Hearing these names—and looking around the joint—I notice something very apparent. The list has enough Native Hawaiian blood to qualify for homestead land. I ask Kanekoa about this detail. 

Frequent boat tour traffic from the nearby marina is a legitimate hazard—one culminating in the tragic death of local bodysurfer Paul Stone in 1984 when P/V Pearl Kai was pushed by large waves into the lineup. Photo by Tony Heff.
Once situated next door to the United Fishing Agency auction block (since relocated), the lineup at Point Panic was often patrolled by determined sharks on the trail of blood and discarded fish heads. Photo by Tyler Rock.

“Honestly, maybe Native Hawaiians just have a deeper connection to the ocean, and Panics is a type of pu’uhonua, or place of refuge,” he says. “Like, it’s a place where you don’t even need waves, right? You just pull up, walk up the coast, talk story with someone you know. But bodysurfing—I think it’s a spiritual thing for Hawaiians. I mean, it’s not just at Panics. There are little communities of Hawaiian bodysurfers all over the island, from Hau’ula to Waimanalo to Yokohama Bay. We’re ocean lovers. Maybe Hawaiians come here and meet other Hawaiians who love the ocean just like them, so you got a friend who’s ethnically and culturally similar to you with the same hobby. Of course you gonna make friends. That’s just a win-win situation.”

Between weeding and pulling lead fishing weights out of the rocks, I’m introduced to a handful of other Panic regulars, and I learn another thing about home breaks: part of belonging to one is wholeheartedly believing that your break is the best break in the world. Just as being in love with someone means a part of you feels that she or he could never harm you. You love them too much to believe the truth. A shared delusion.

“To me…” says Sean Enoka, leaning back, searching for the right words and taking a look out at the ocean, “Panics is the best bodysurfing wave in the world—hands down. I think it’s the setup or the layout. The way it wraps in on itself just makes it perfect to fit high and tight in the barrel.”

He contorts his body, pantomiming the moment that he’s describing and suddenly I’m with him in the lineup. “I dunno any place else that lets you out of the tube bodysurfing like Panics,” he continues. “It’s a Hawaiian-style of riding, a dance with the wave. The first time I came here, I seen BK Holt pull off one belly-spin right in front of me. Then Johnny Hernandez was right behind him and rode the thing on his back in the barrel. I was like, ‘Is that what’s really going on over here?’ But if you going ask me what this place means to me: I live and breathe Point Panic,” he says firmly. “I’m just really passionate about bodysurfing and this break.

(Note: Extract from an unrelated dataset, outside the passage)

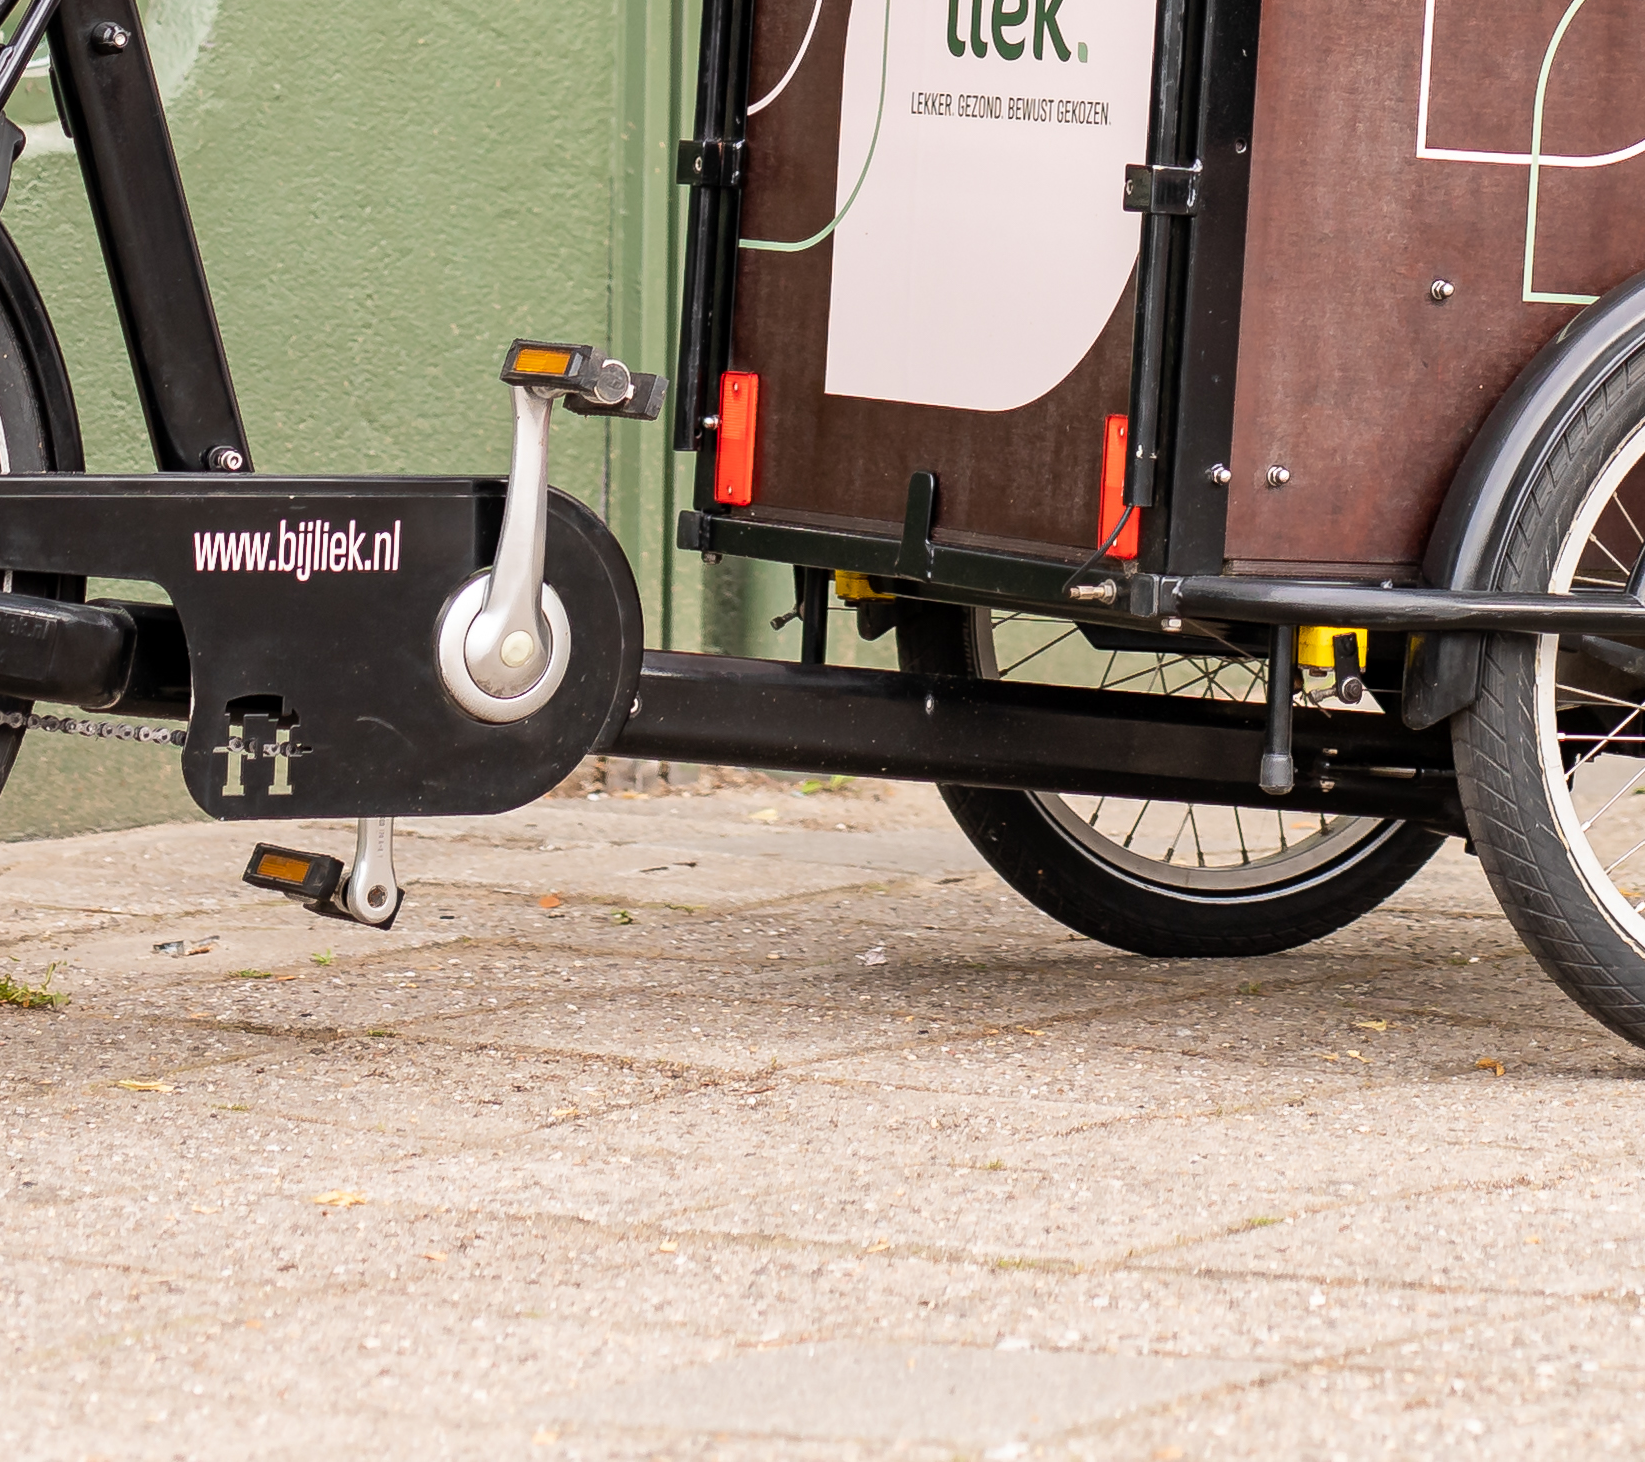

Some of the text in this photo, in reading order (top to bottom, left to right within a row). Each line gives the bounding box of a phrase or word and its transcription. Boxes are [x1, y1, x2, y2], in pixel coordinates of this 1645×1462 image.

Like, it gets in the way of work and stuff.” He laughs and smiles defiantly.

“Panics is just a super fun wave,” said Mark Cunningham. “If I could compare the wave with anywhere else, it’d be like V-Land. But you look toward Kewalos, then Big Rights, there’re so many breaks down the coast, and it’s nice that we have one spot that’s board-free.” Photo by Keoki Saguibo.

“In the old days,” recalls Raymond Kaho’onei, “it was Coach Sam Pomailani, UH Teddy, Merv, Doug Palama, Eddie Kapuiki, Vance Chun. These were the guys. But most of all Honey Boy. Honey Boy was the greatest I’d ever seen. But it was just dirt out here, no park yet, and the wave was something special. Back then I was mainly a surfer and I was definitely mad when they closed it to boards. But then I started bodysurfing. And I started to understand that bodysurfing was the ultimate, because it’s more challenging as far as making it out of tubes. It’s a truly different thing, more of a beauty, really than challenge. It’s Mother Nature and your body. True Hawaiian.”

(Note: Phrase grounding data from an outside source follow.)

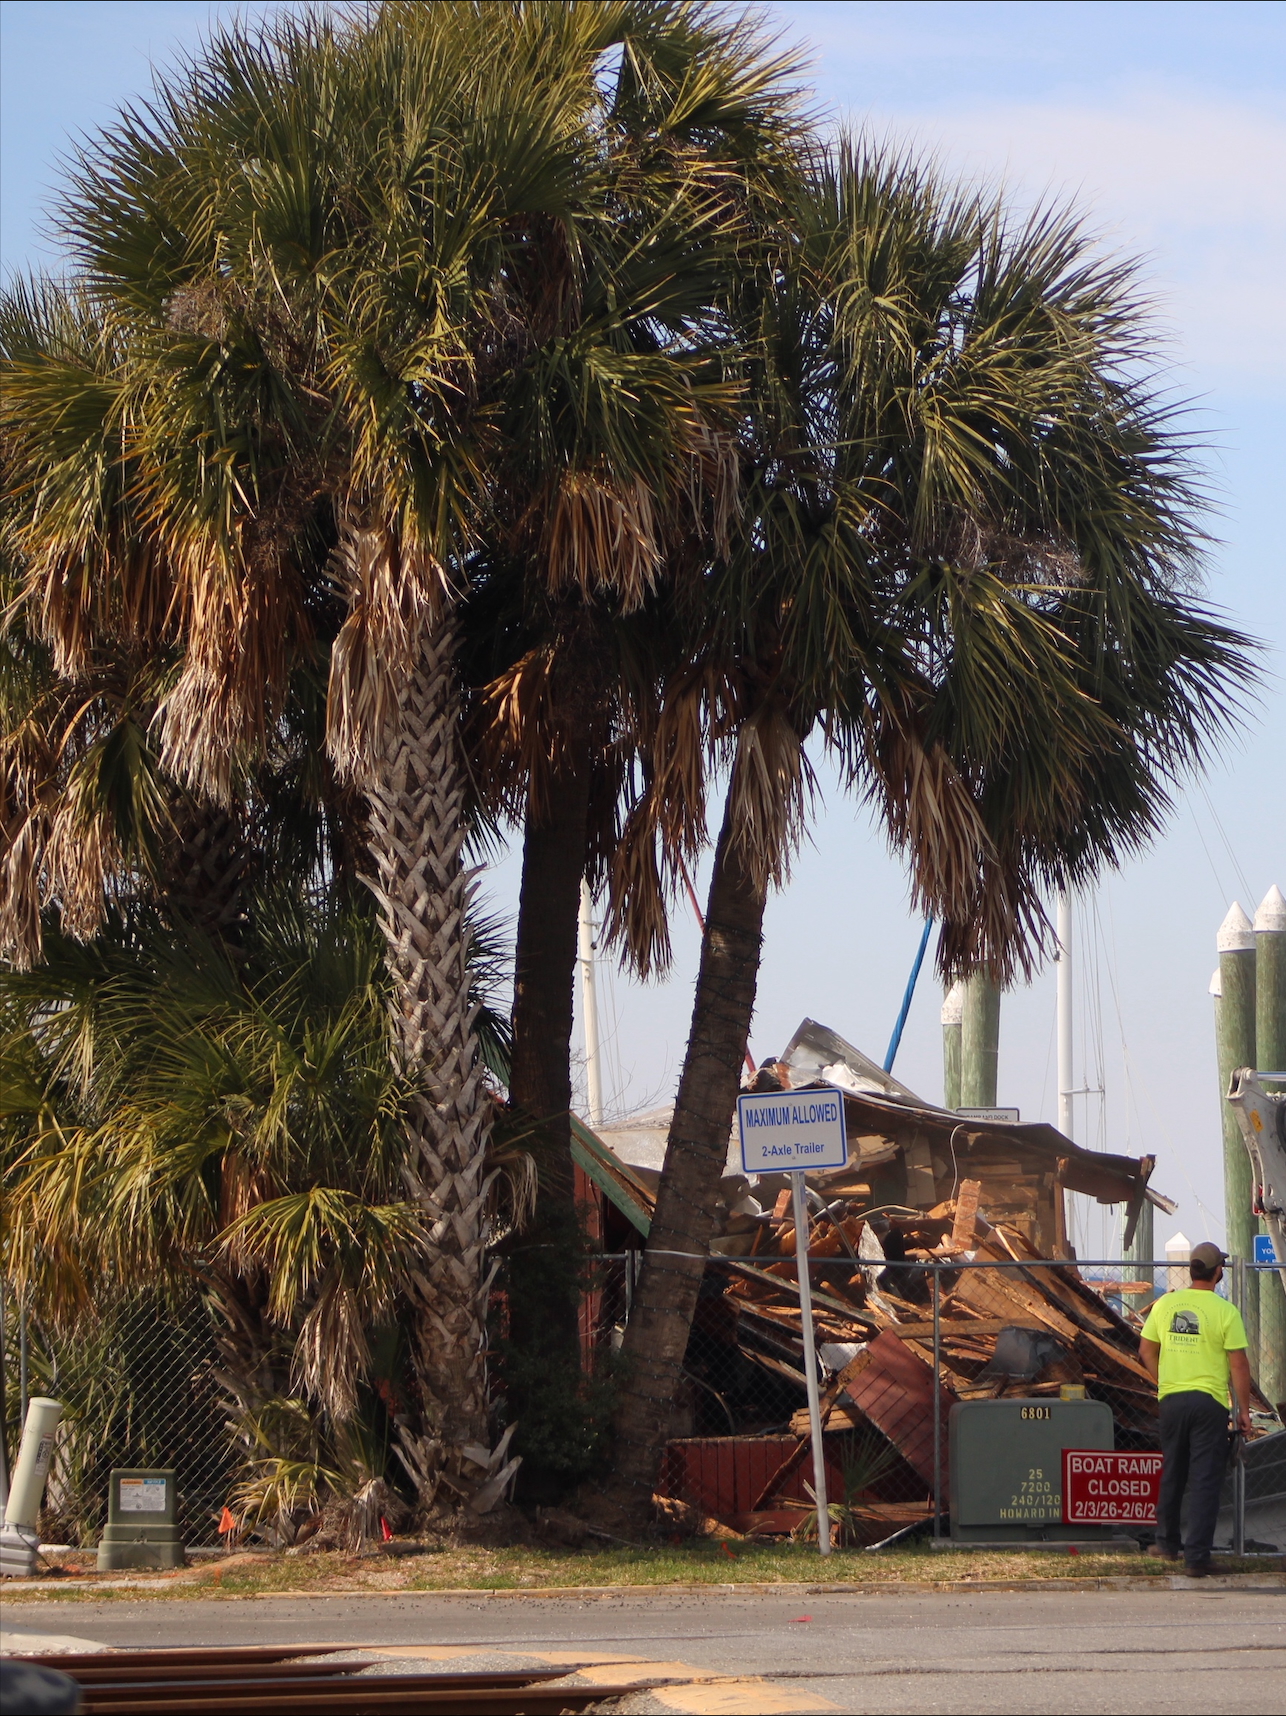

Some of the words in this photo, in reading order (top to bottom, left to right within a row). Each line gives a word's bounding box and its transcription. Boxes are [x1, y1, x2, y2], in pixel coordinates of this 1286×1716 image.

[746, 1106, 790, 1128] MAXIMUM
[792, 1103, 838, 1124] ALLOWED
[762, 1144, 792, 1156] 2-Axle
[794, 1142, 824, 1154] Trailer
[1168, 1334, 1198, 1343] TRIDENT
[1021, 1407, 1050, 1420] 6801
[1072, 1458, 1114, 1474] BOAT
[1118, 1458, 1162, 1475] RAMP
[1029, 1469, 1043, 1479] 25
[1021, 1482, 1050, 1493] 7200
[1088, 1480, 1151, 1496] CLOSED
[1011, 1495, 1061, 1506] 240/120
[1000, 1508, 1045, 1519] HOWARD
[1049, 1508, 1062, 1519] IN
[1075, 1501, 1156, 1518] 2/3/26-2/6/2
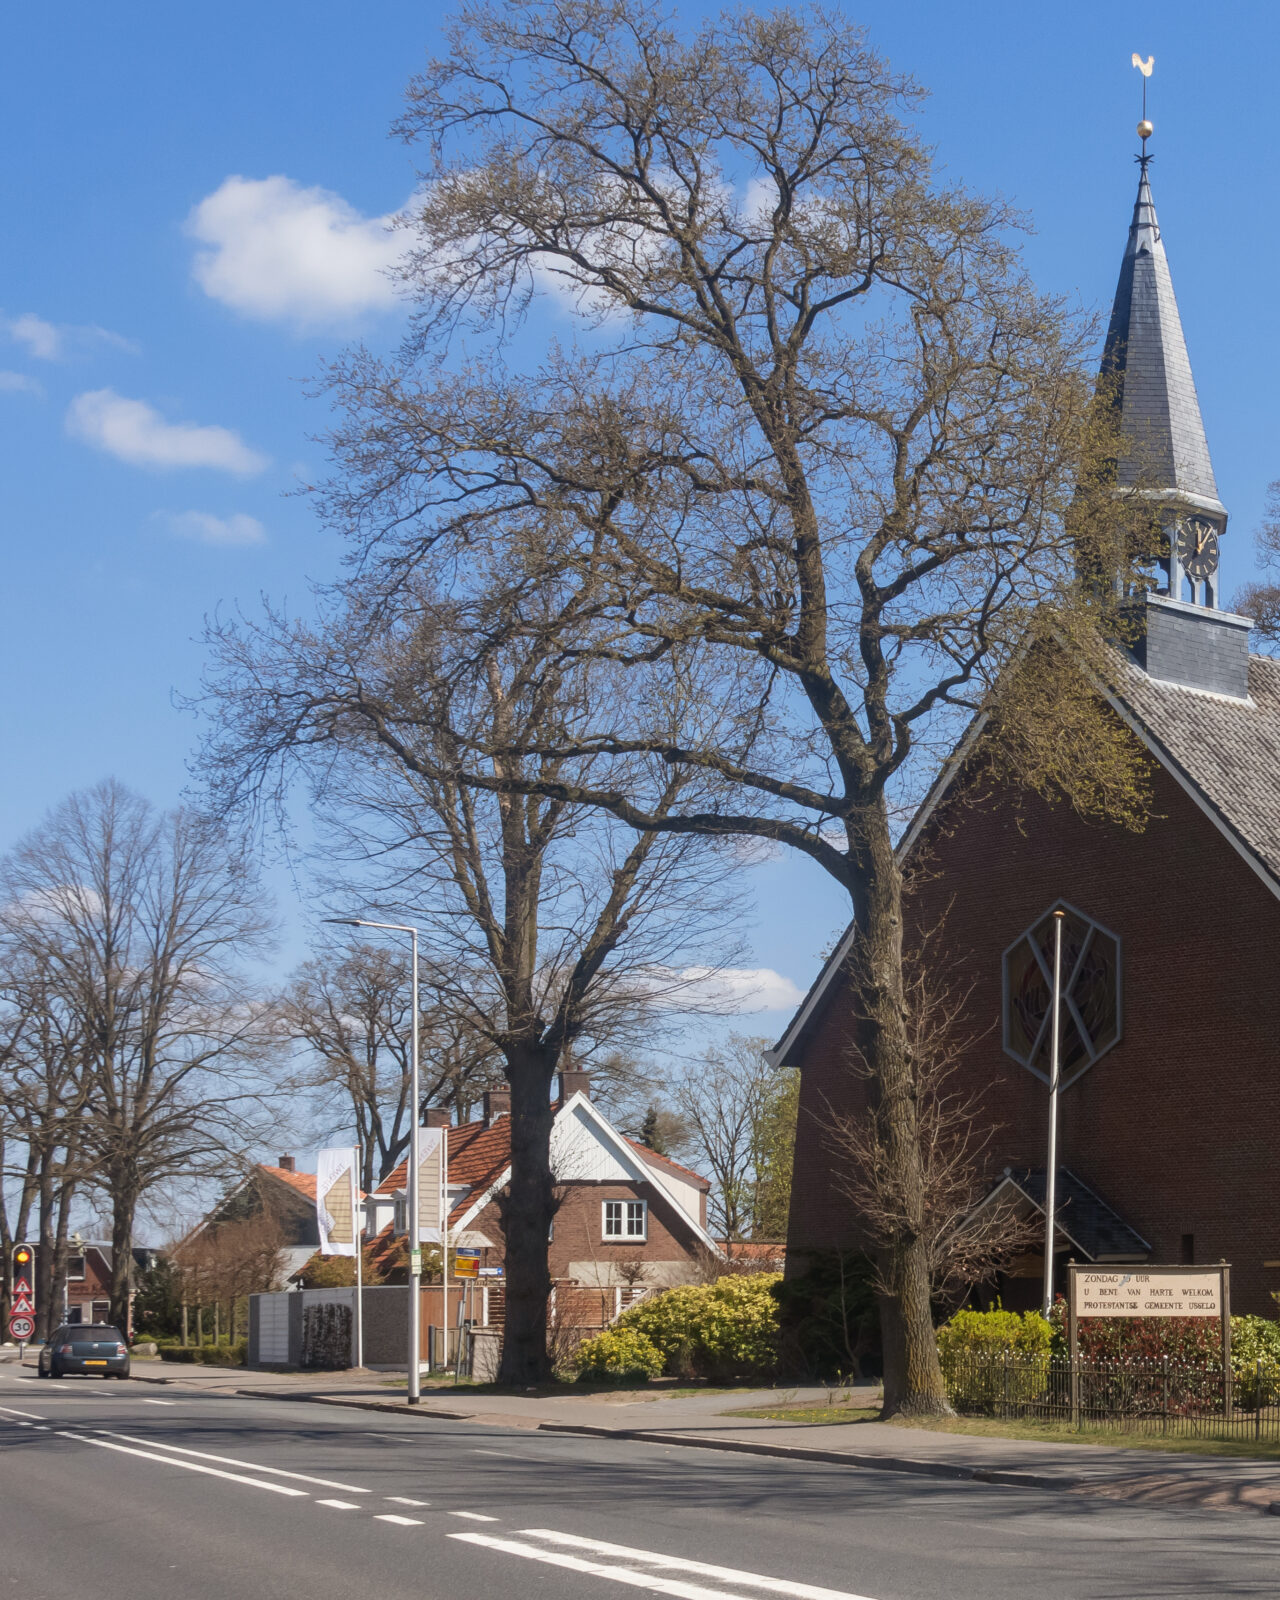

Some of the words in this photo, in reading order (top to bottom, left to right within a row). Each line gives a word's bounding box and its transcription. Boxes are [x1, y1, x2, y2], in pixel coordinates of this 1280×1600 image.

[1084, 1275, 1119, 1283] ZONDAG
[1135, 1275, 1150, 1283] UUR
[1084, 1288, 1090, 1296] U
[1099, 1288, 1118, 1296] BENT
[1127, 1288, 1141, 1296] VAN
[1149, 1288, 1174, 1297] HARTE
[1181, 1288, 1214, 1297] WELKOM
[1144, 1301, 1183, 1310] GEMEENTE
[14, 1322, 30, 1332] 30

“The connection we have within the surfing community here,” says Ernie Foster, “that’s probably the most important thing about this place. If an issue came about and it was called to fight for this spot, there’d be numbers. Plain and simple. You don’t want to rustle the bush. There’s a lot of people that are quiet, but when it’s time to step up, they will.” 

His words are foreboding and, when I ask him what it is that threatens this place, he points behind him at the dozen new high rises across Ala Moana Boulevard. “Look around, brah,” he says.

Prodding deeper on these development issues, I receive a unanimous reply from the pack: “You talk with Kliks, yet?” A question like a kid poking at a wasp’s nest.

*

Deep in Manoa Valley, a gorgeous, old community sits at the foot of the Ko’olau Mountains. It’s a place where, on the hour, rainbows dance in the mist of passing showers. Dr. Michael Kliks ushers me into his home. Perched on a ridge on one side of the valley, his balcony overlooks the South Shore, glittering a few miles yonder. If I wanted to talk laws and legislation concerning Point Panic, I was told by the Point Panic boys to see him. 

Kanekoa Crabbe, Keali’i Manuwa, Blaine Lewis (this image) and young icons like Kaneali’i Wilcox (below) maintain a strong local presence. In many ways, bodysurfing is like board surfing in the early 70s. There’s no commercial potential, no star power, no branding—just a bunch of guys living it. Photo by Nick Ricca.
Photo by Keoki Saguibo.

I follow the impossibly fit 76-year-old man with a puff of thick, white hair to the balcony’s railing, past a row of fluttering Tibetan prayer flags. “You want to talk about development and what threatens Point Panic,” he says, pointing toward the ocean. “Tell me what you see.” 

A row of brand-spanking-new, towering, high-rise buildings blocks out any sight of the shoreline, let alone the surf. “Not many years ago, I could actually check the surf from here with binoculars,” he says. “I could literally see my friend’s bald head glistening in the sunlight. Now? Nothing.”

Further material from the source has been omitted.